» **What you have to do**
Only the text of the entries below should be returned, exactly as given, without pictures.

» **Dataset excerpts**
--
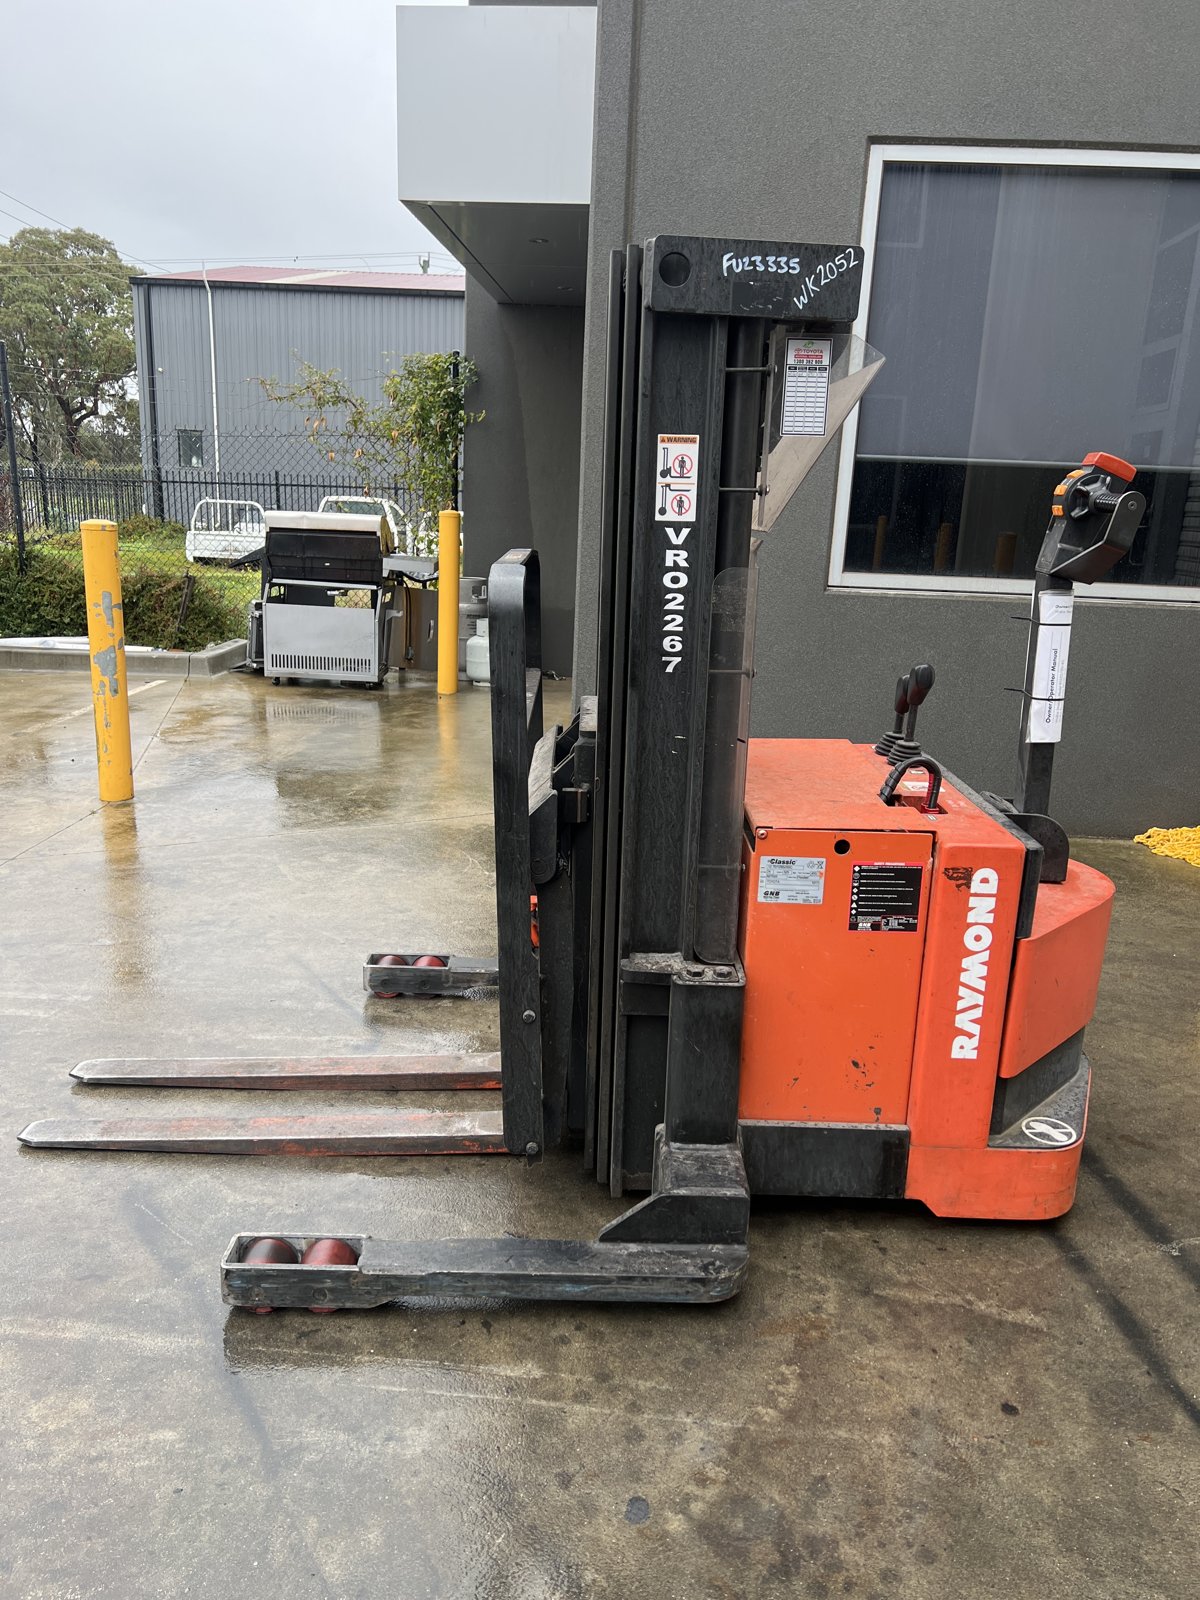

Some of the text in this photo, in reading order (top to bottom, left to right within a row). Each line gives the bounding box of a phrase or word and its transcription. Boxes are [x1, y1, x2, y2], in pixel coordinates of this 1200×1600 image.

[722, 252, 801, 277] FU23335
[793, 247, 859, 310] WK2052
[1050, 648, 1058, 672] Manual
[950, 867, 999, 1060] RAYMOND
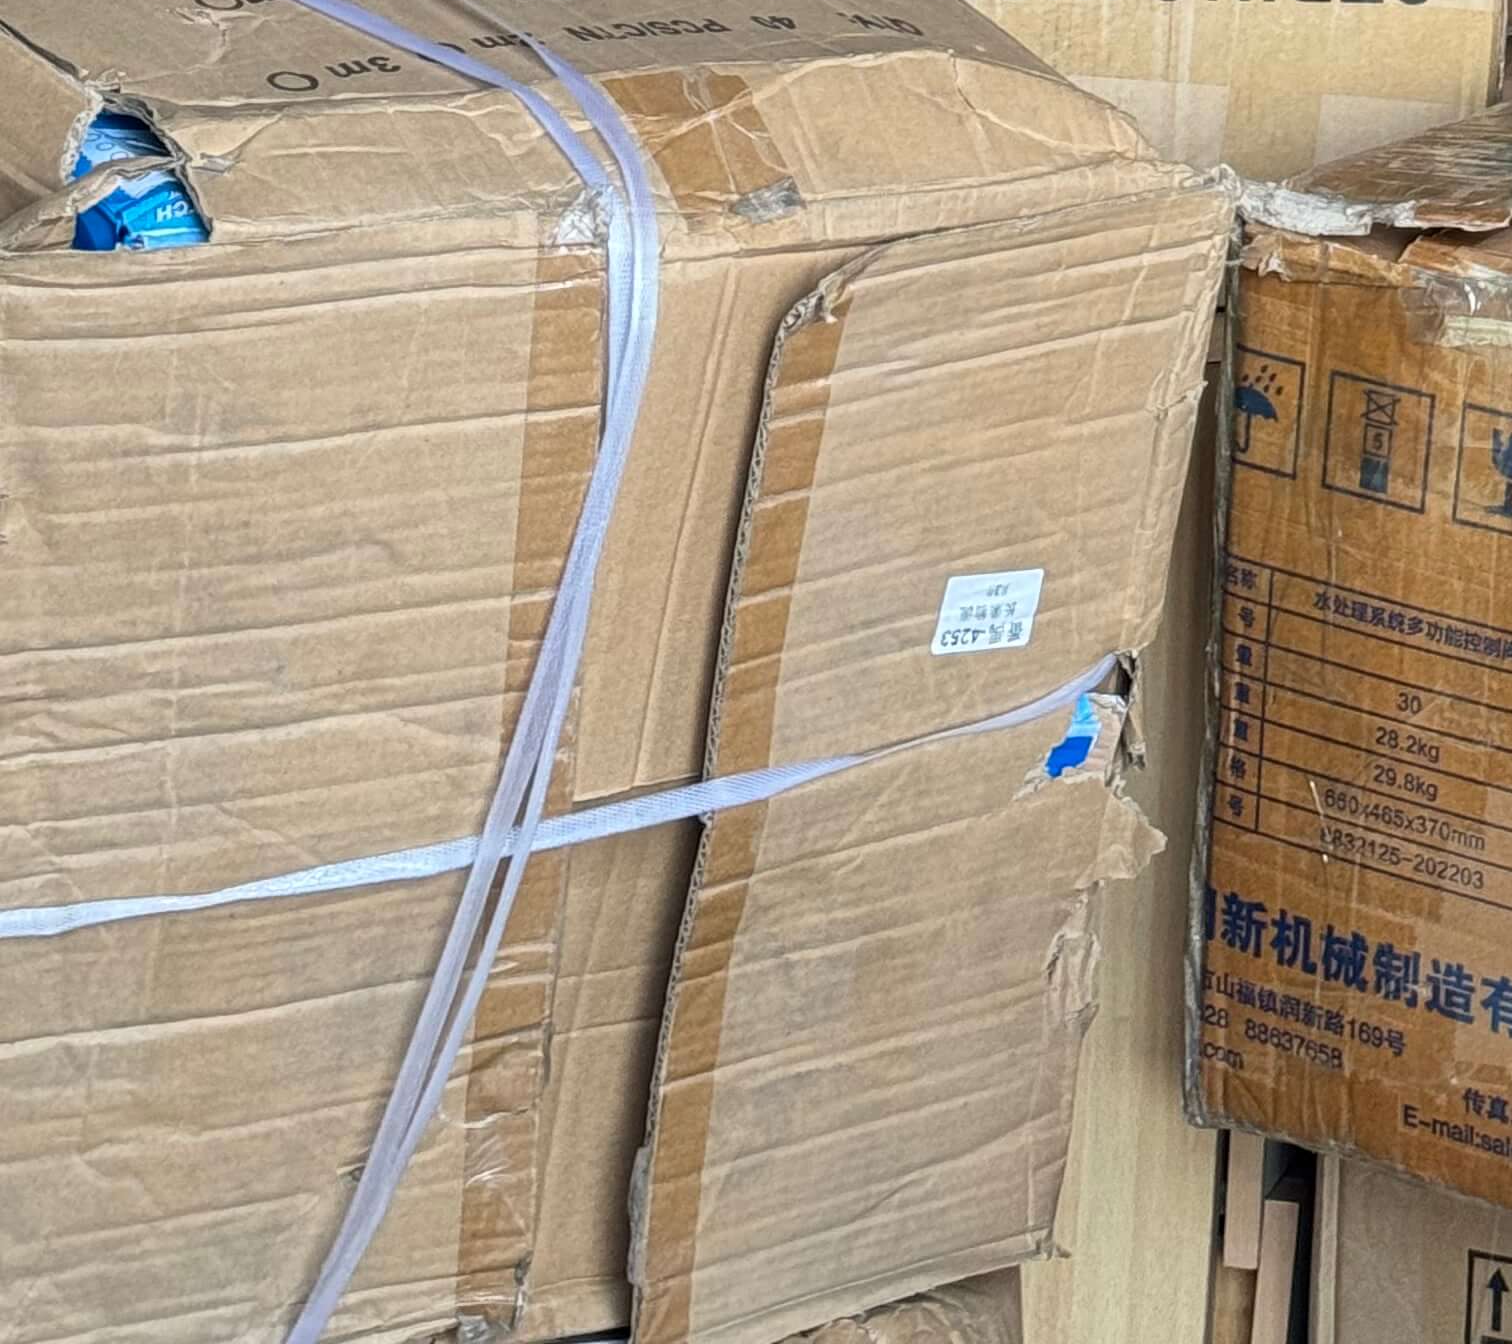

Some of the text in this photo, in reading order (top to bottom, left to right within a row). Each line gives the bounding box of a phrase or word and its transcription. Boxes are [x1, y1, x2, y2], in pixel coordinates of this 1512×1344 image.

[325, 55, 402, 79] 3m
[1396, 690, 1424, 716] 30
[1374, 726, 1441, 764] 28.2kg
[1372, 763, 1440, 803] 29.8kg
[1200, 1004, 1344, 1070] 28 88637658
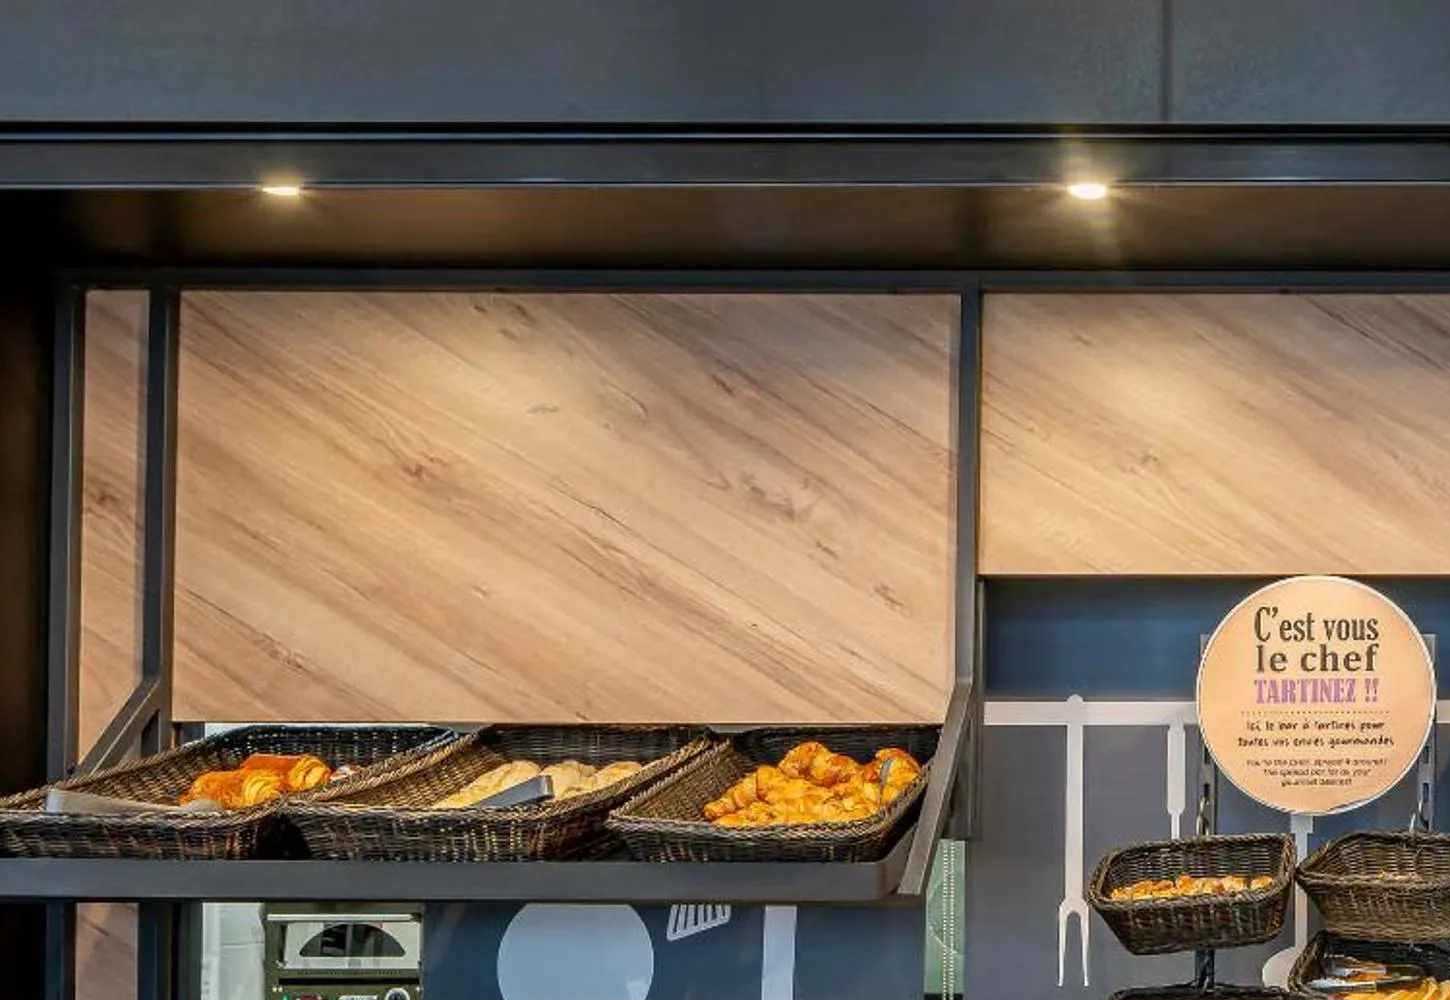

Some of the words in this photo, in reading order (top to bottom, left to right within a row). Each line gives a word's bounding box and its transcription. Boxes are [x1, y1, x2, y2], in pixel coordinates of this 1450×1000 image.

[1254, 606, 1315, 642] C'est
[1322, 618, 1379, 641] vous
[1256, 644, 1288, 673] le
[1300, 643, 1379, 672] chef
[1254, 678, 1356, 704] TARTINEZ
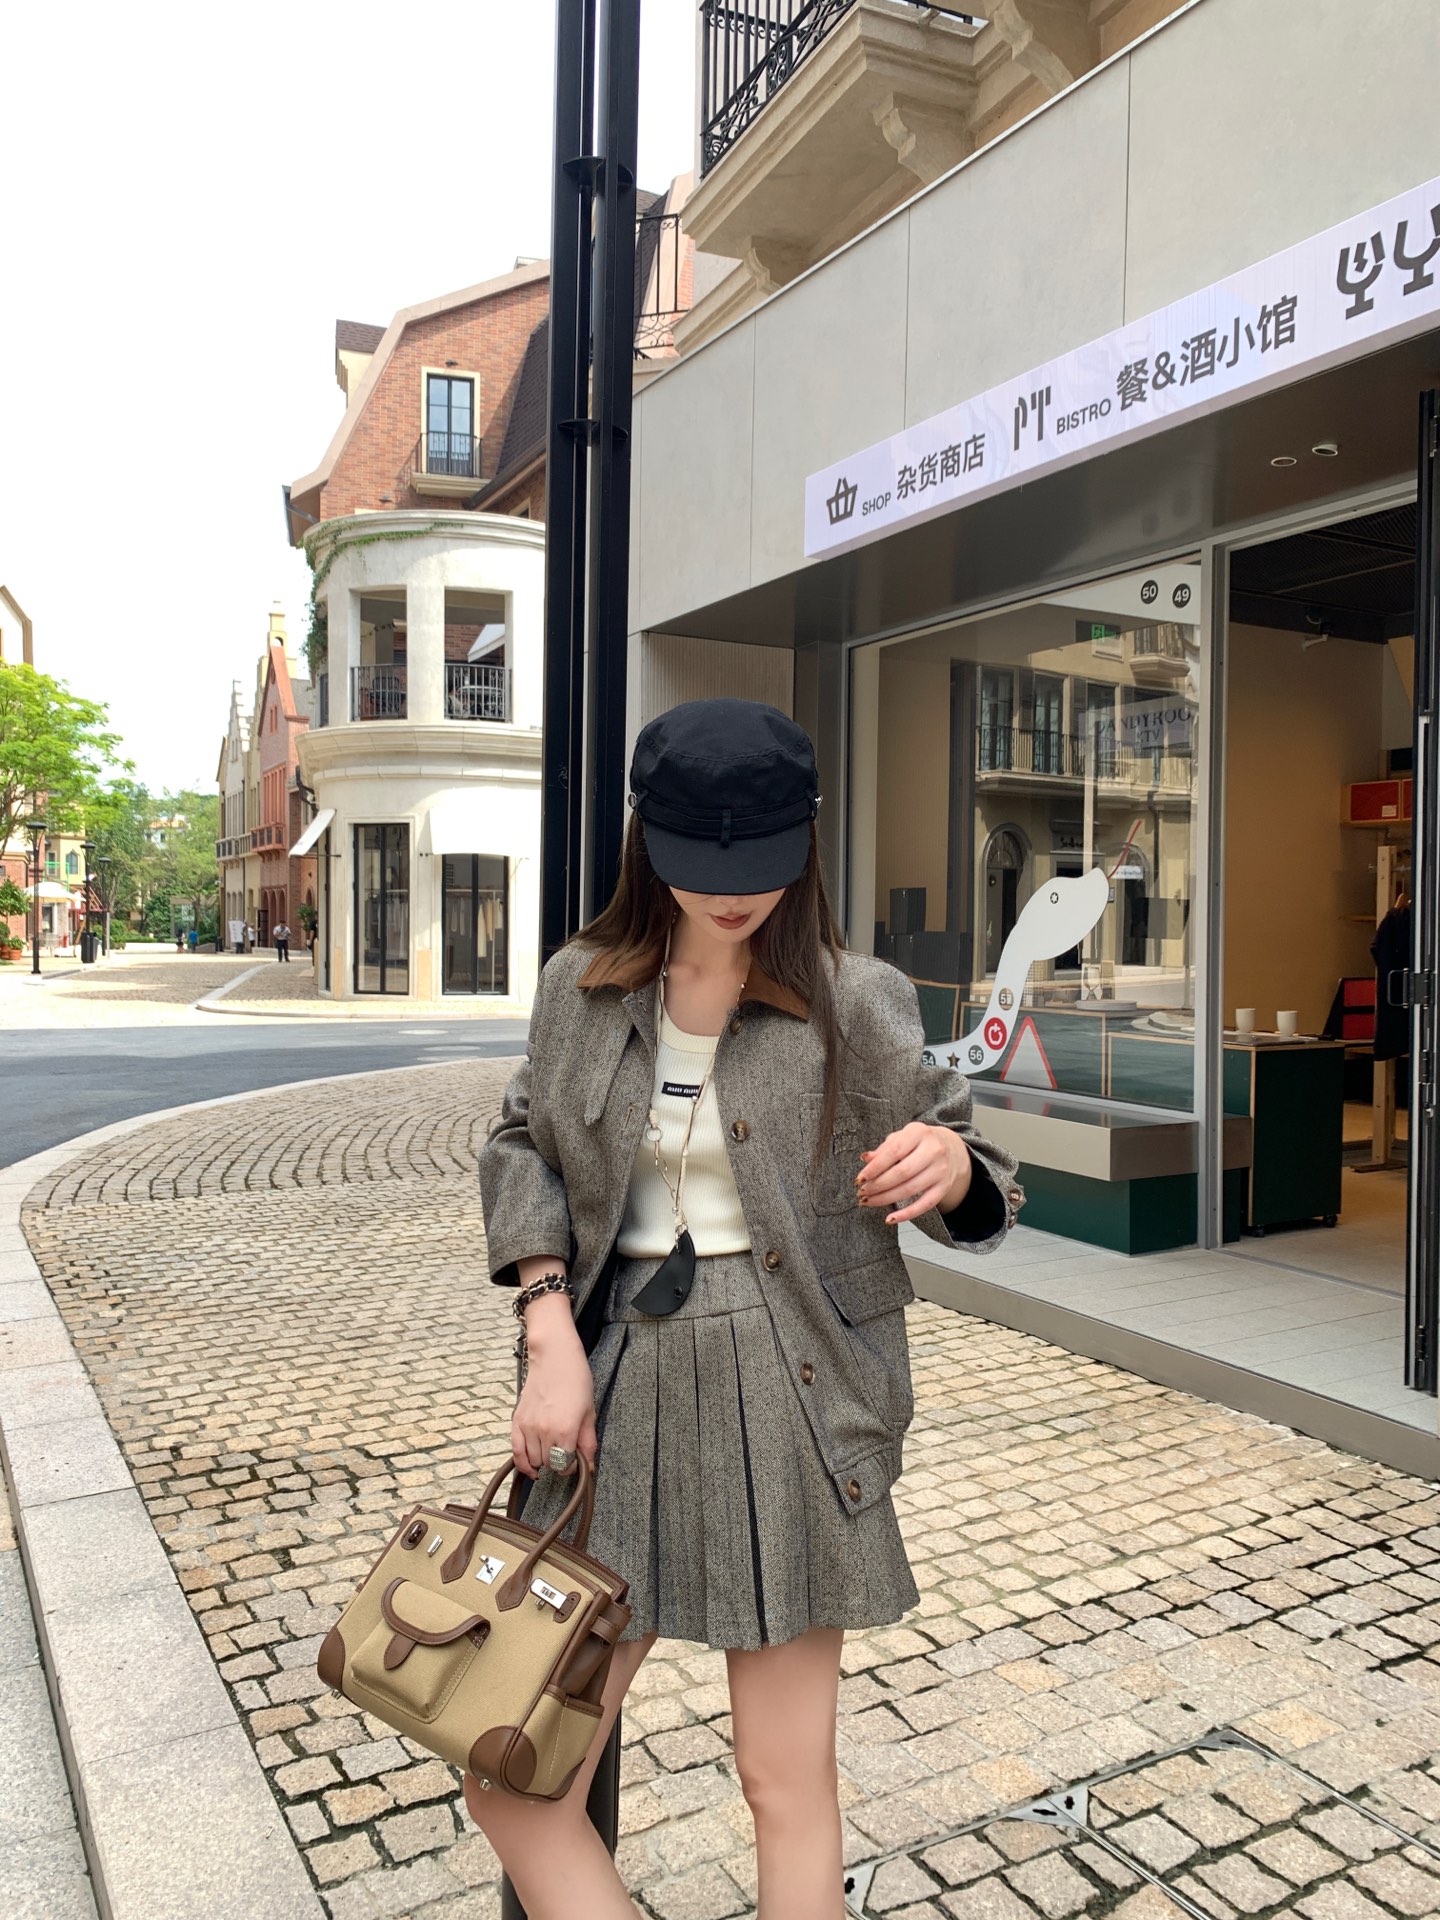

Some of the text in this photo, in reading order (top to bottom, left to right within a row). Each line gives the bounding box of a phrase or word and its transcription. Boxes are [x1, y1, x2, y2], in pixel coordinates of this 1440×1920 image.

[862, 295, 1298, 516] SHOP 杂货商店 BISTRO 餐&酒小馆
[1142, 585, 1190, 603] 50 49
[970, 1050, 982, 1061] 56
--
» **Task response**
Some of the text in this photo, in reading order (top to bottom, left to right within a row). Each line gives the bounding box of a phrase or word and its transcription. Boxes are [x1, y1, x2, y2], in pixel coordinates of this 1200×1600 image.

[722, 252, 801, 277] FU23335
[793, 247, 859, 310] WK2052
[1050, 648, 1058, 672] Manual
[950, 867, 999, 1060] RAYMOND

Some of the text in this photo, in reading order (top to bottom, left to right within a row). Each line gives the bounding box of a phrase or word and its transcription. Boxes are [x1, y1, x2, y2], in pixel coordinates of this 1512×1344 image.

[325, 55, 402, 79] 3m
[1396, 690, 1424, 716] 30
[1374, 726, 1441, 764] 28.2kg
[1372, 763, 1440, 803] 29.8kg
[1200, 1004, 1344, 1070] 28 88637658

Some of the words in this photo, in reading order (top to bottom, left to right within a row). Each line gives a word's bounding box and its transcription. Boxes are [x1, y1, x2, y2], in pixel coordinates of this 1450×1000 image.

[1254, 606, 1315, 642] C'est
[1322, 618, 1379, 641] vous
[1256, 644, 1288, 673] le
[1300, 643, 1379, 672] chef
[1254, 678, 1356, 704] TARTINEZ

Some of the text in this photo, in reading order (top to bottom, left to right within a row). Each line gives the bounding box of a phrase or word and its transcription. Boxes are [x1, y1, x2, y2], in pixel coordinates of this 1440×1920 image.

[862, 295, 1298, 516] SHOP 杂货商店 BISTRO 餐&酒小馆
[1142, 585, 1190, 603] 50 49
[970, 1050, 982, 1061] 56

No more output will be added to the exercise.